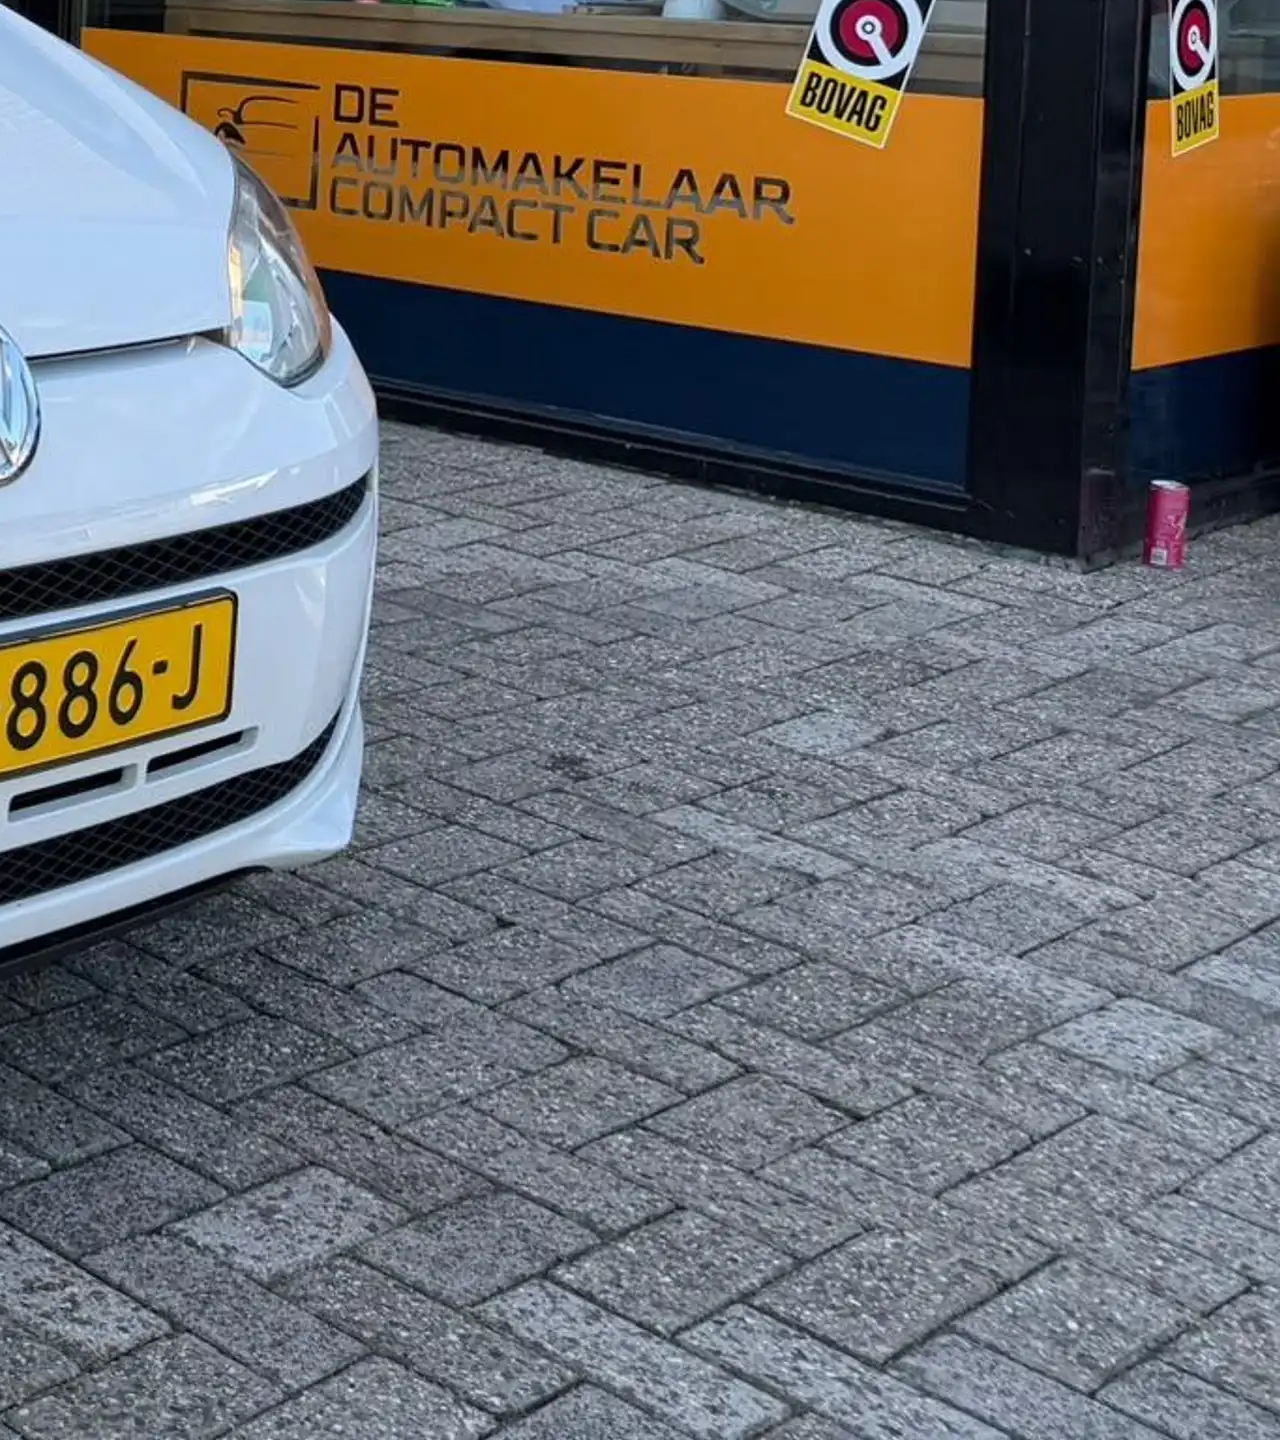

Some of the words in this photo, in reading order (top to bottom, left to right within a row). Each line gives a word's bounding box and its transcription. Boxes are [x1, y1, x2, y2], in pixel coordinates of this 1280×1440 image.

[332, 83, 400, 128] DE
[800, 71, 887, 132] BOVAG
[1177, 90, 1215, 142] BOVAG
[330, 132, 795, 225] AUTOMAKELAAR
[329, 177, 574, 245] COMPACT
[586, 208, 706, 264] CAR
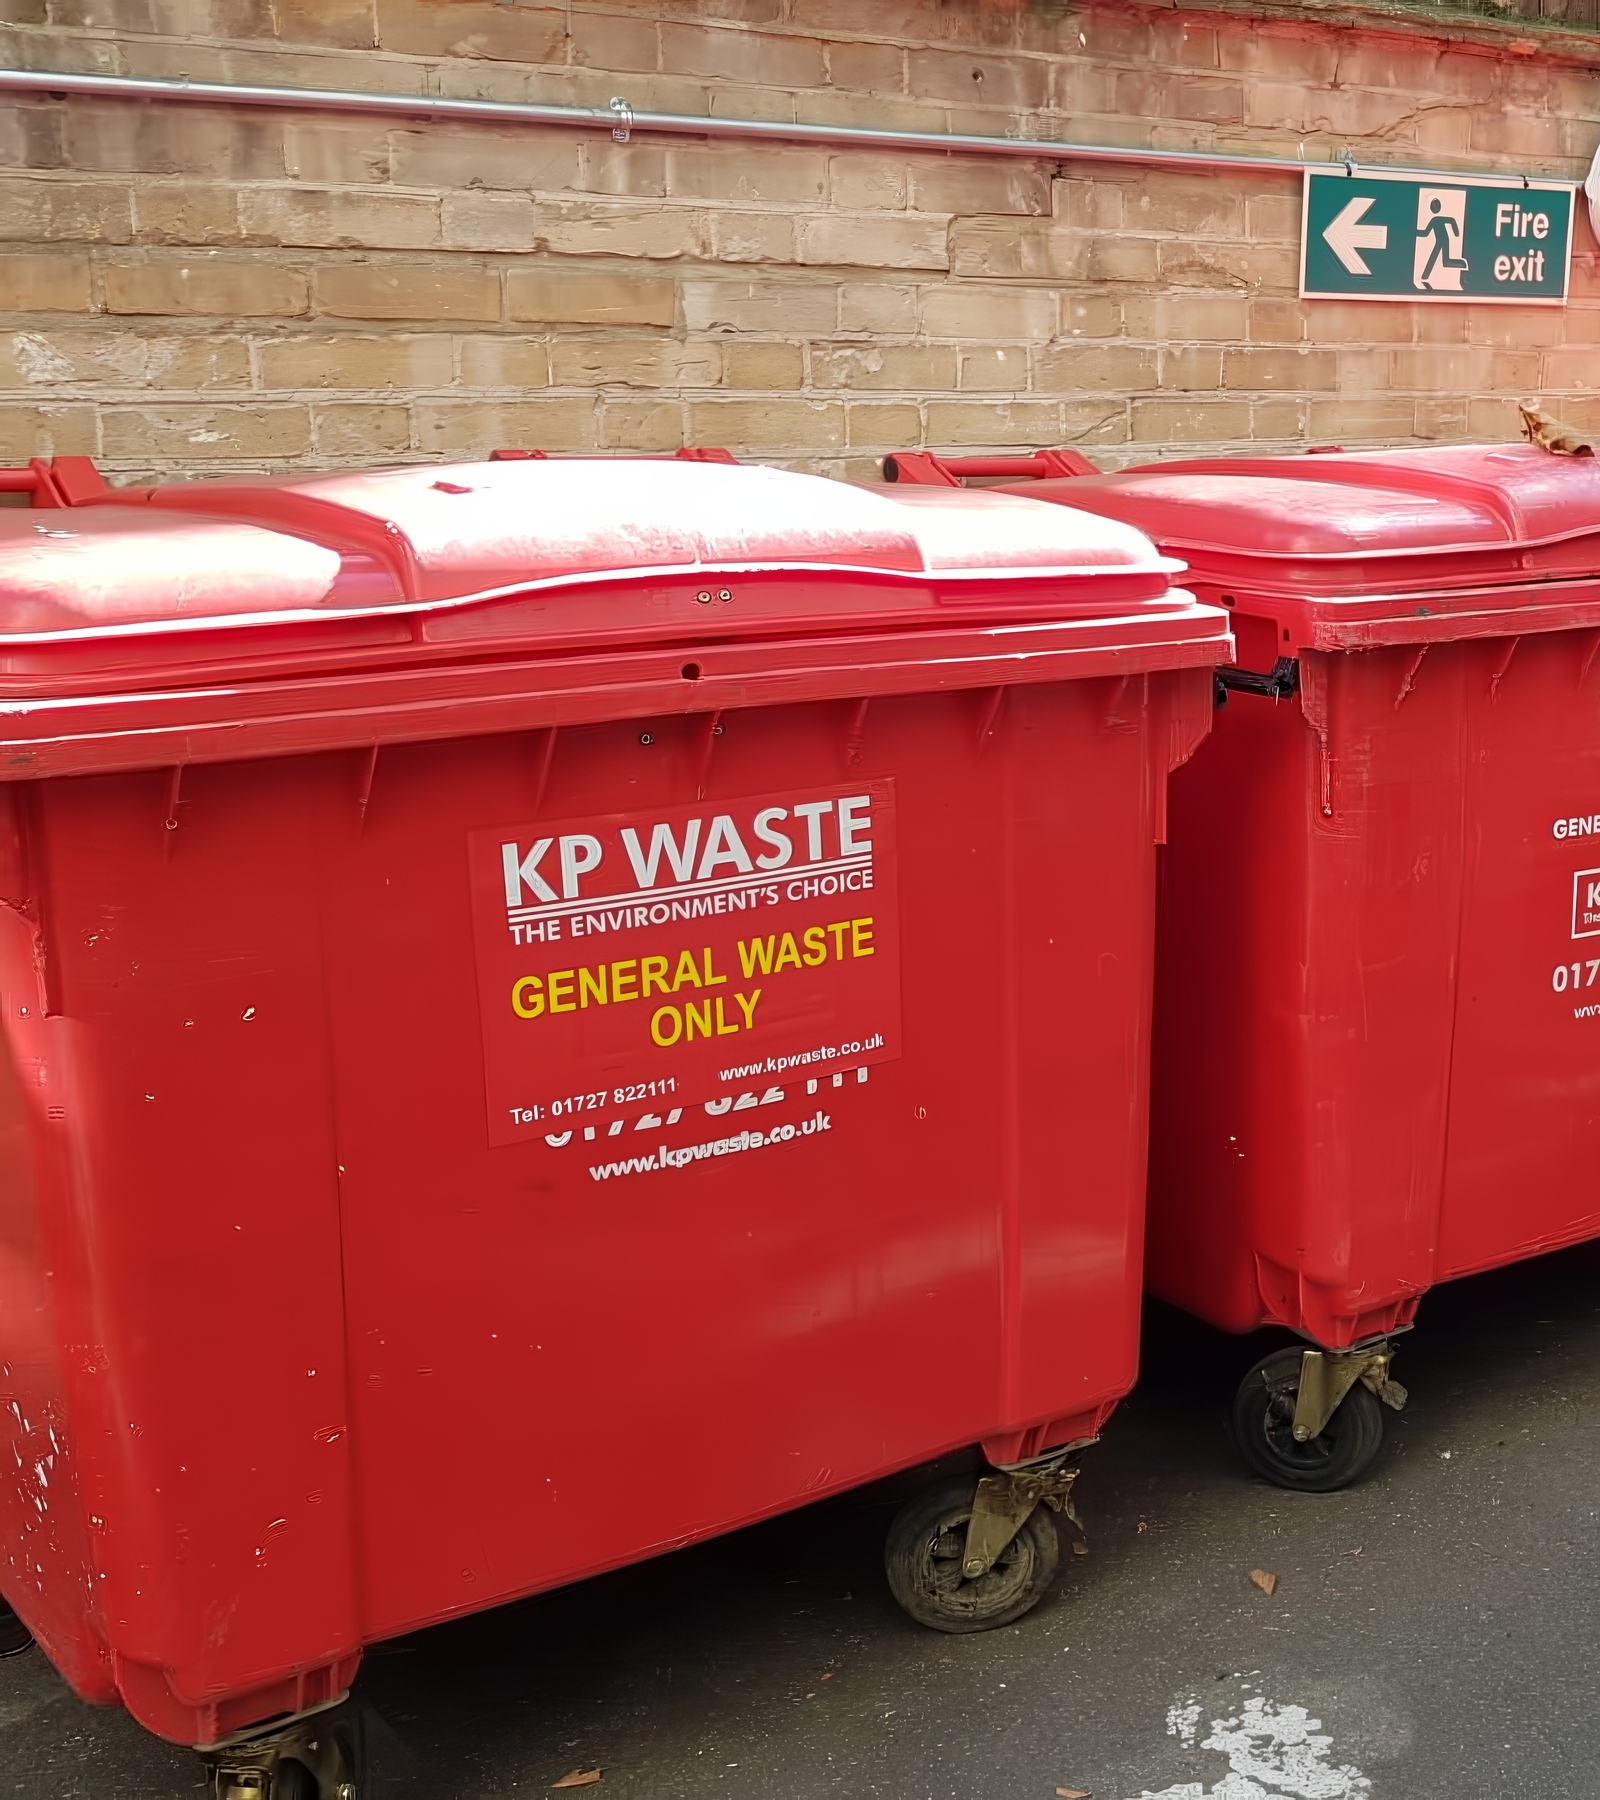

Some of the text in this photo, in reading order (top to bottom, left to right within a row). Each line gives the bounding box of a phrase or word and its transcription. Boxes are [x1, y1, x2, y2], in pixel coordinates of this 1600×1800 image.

[1495, 202, 1549, 239] Fire
[1493, 249, 1545, 282] exit
[502, 795, 872, 907] KP WASTE
[509, 870, 874, 945] THE ENVIRONMENT'S CHOICE
[511, 918, 875, 1019] GENERAL WASTE
[650, 989, 762, 1047] ONLY
[718, 1033, 884, 1081] www.kpwaste.co.uk
[510, 1105, 545, 1125] Tel:
[551, 1092, 607, 1117] 01727
[613, 1078, 677, 1104] 822111
[589, 1111, 832, 1181] www.kpwaste.co.uk

::::

→ **The problem**
The job is to return the listing above exactly, minus its pictures.

→ **Solution for this task**
Some of the words in this photo, in reading order (top to bottom, left to right within a row). Each line gives a word's bounding box and its transcription. Boxes are [x1, y1, x2, y2], in pixel coordinates of this 1280×1440 image.

[332, 83, 400, 128] DE
[800, 71, 887, 132] BOVAG
[1177, 90, 1215, 142] BOVAG
[330, 132, 795, 225] AUTOMAKELAAR
[329, 177, 574, 245] COMPACT
[586, 208, 706, 264] CAR

Some of the text in this photo, in reading order (top to bottom, left to right within a row). Each line gives the bounding box of a phrase or word and its transcription. Boxes are [x1, y1, x2, y2], in pixel coordinates of this 1600×1800 image.

[1495, 202, 1549, 239] Fire
[1493, 249, 1545, 282] exit
[502, 795, 872, 907] KP WASTE
[509, 870, 874, 945] THE ENVIRONMENT'S CHOICE
[511, 918, 875, 1019] GENERAL WASTE
[650, 989, 762, 1047] ONLY
[718, 1033, 884, 1081] www.kpwaste.co.uk
[510, 1105, 545, 1125] Tel:
[551, 1092, 607, 1117] 01727
[613, 1078, 677, 1104] 822111
[589, 1111, 832, 1181] www.kpwaste.co.uk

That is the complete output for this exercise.